*** SUPPLIED MATERIAL Section Begins ***
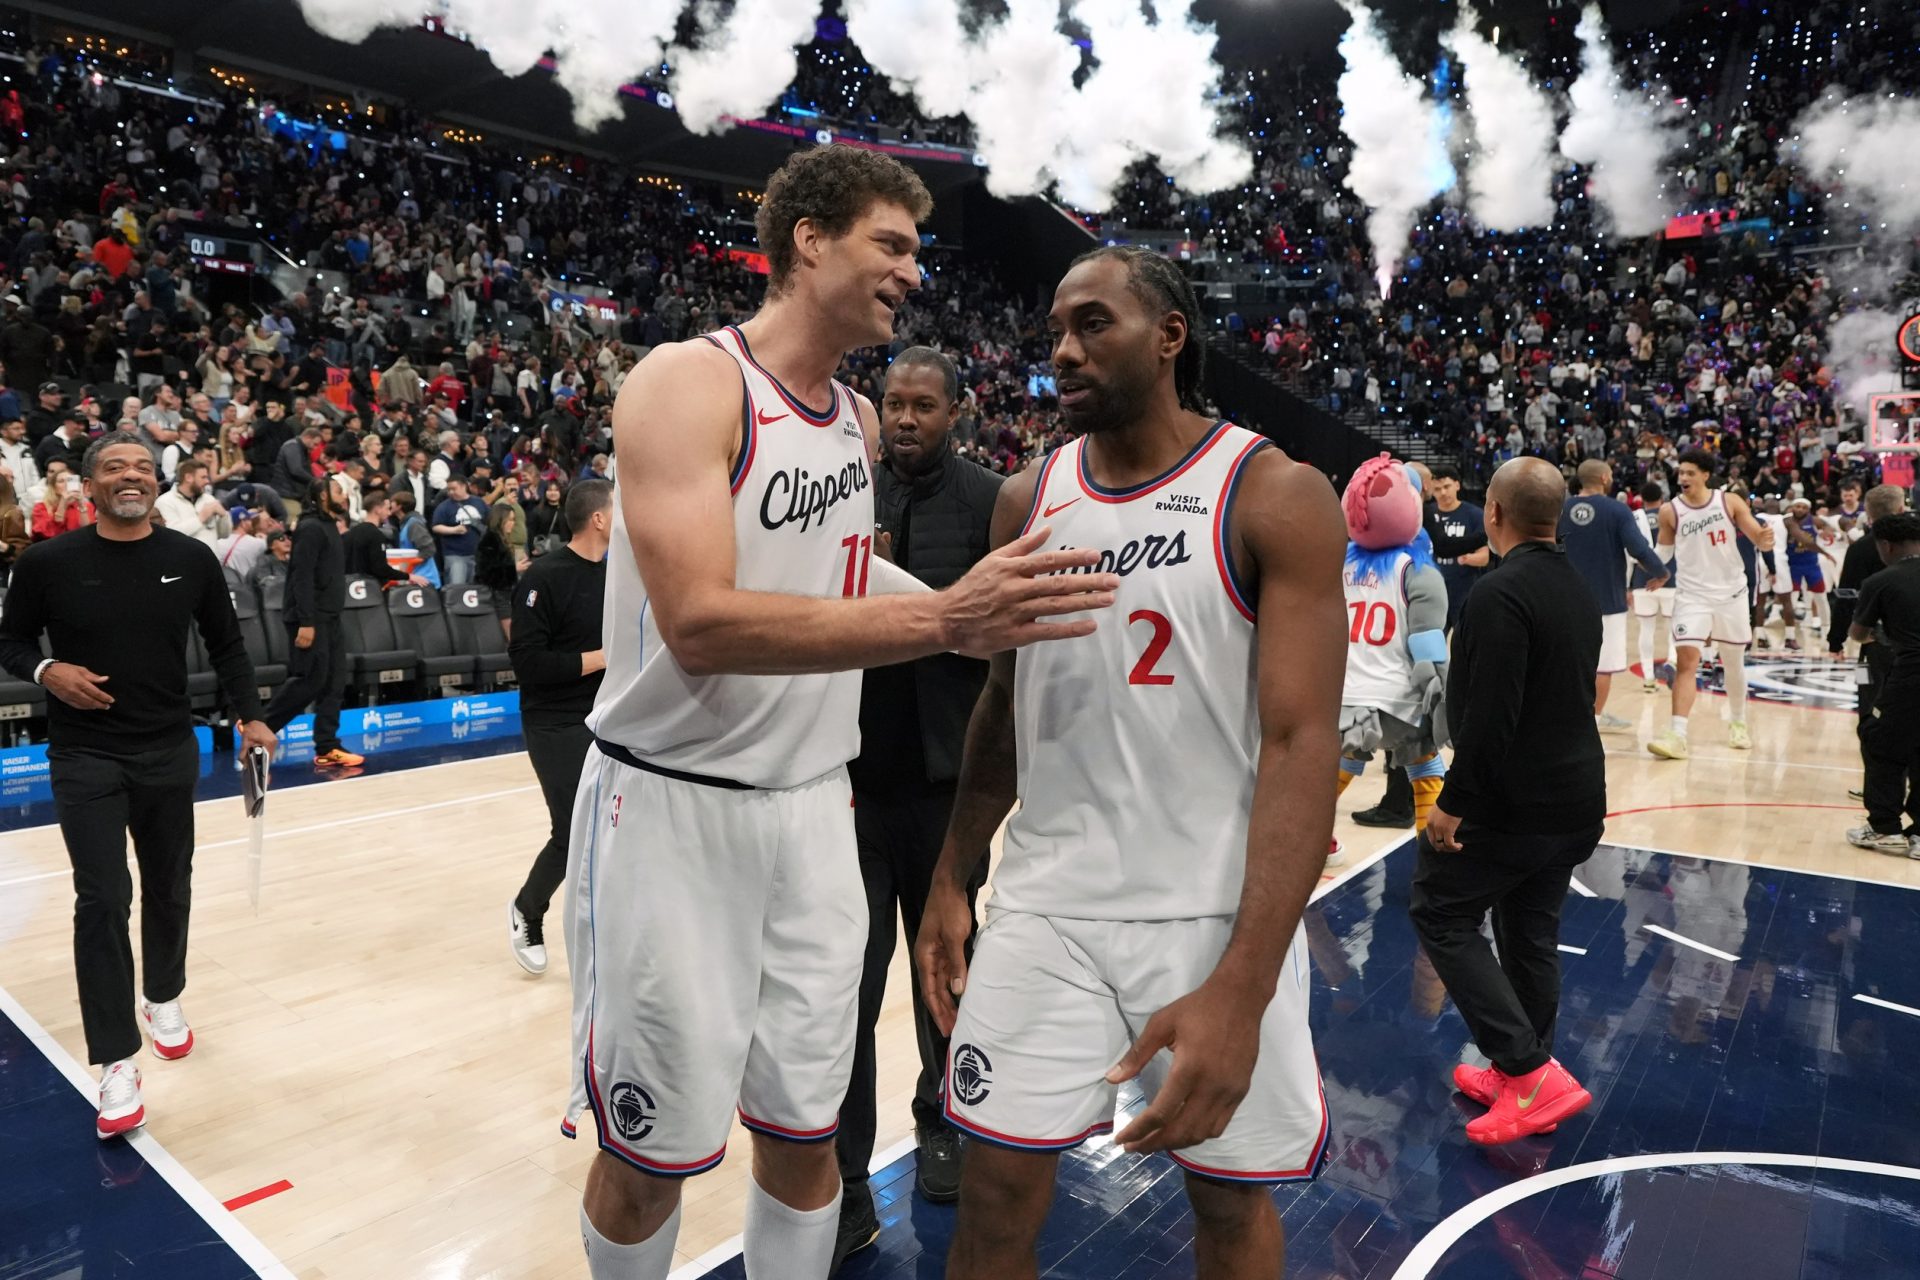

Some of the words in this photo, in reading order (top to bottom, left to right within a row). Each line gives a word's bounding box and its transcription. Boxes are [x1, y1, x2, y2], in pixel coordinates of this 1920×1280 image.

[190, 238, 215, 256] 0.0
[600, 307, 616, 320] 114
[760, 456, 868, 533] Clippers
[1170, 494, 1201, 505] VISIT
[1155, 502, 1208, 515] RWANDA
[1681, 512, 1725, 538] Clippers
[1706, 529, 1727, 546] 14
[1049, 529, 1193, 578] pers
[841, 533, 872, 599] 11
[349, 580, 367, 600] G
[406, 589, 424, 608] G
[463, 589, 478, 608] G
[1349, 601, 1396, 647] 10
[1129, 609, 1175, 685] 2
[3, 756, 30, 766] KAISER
*** SUPPLIED MATERIAL Section Ends ***
_WORK ORDER_:
Each entry above is to be restated exactly, without its images.

_EXERCISE SOLUTION_:
Some of the words in this photo, in reading order (top to bottom, left to right within a row). Each line gives a word's bounding box and its transcription. Boxes are [x1, y1, x2, y2], in pixel coordinates of this 1920×1280 image.

[190, 238, 215, 256] 0.0
[600, 307, 616, 320] 114
[760, 456, 868, 533] Clippers
[1170, 494, 1201, 505] VISIT
[1155, 502, 1208, 515] RWANDA
[1681, 512, 1725, 538] Clippers
[1706, 529, 1727, 546] 14
[1049, 529, 1193, 578] pers
[841, 533, 872, 599] 11
[349, 580, 367, 600] G
[406, 589, 424, 608] G
[463, 589, 478, 608] G
[1349, 601, 1396, 647] 10
[1129, 609, 1175, 685] 2
[3, 756, 30, 766] KAISER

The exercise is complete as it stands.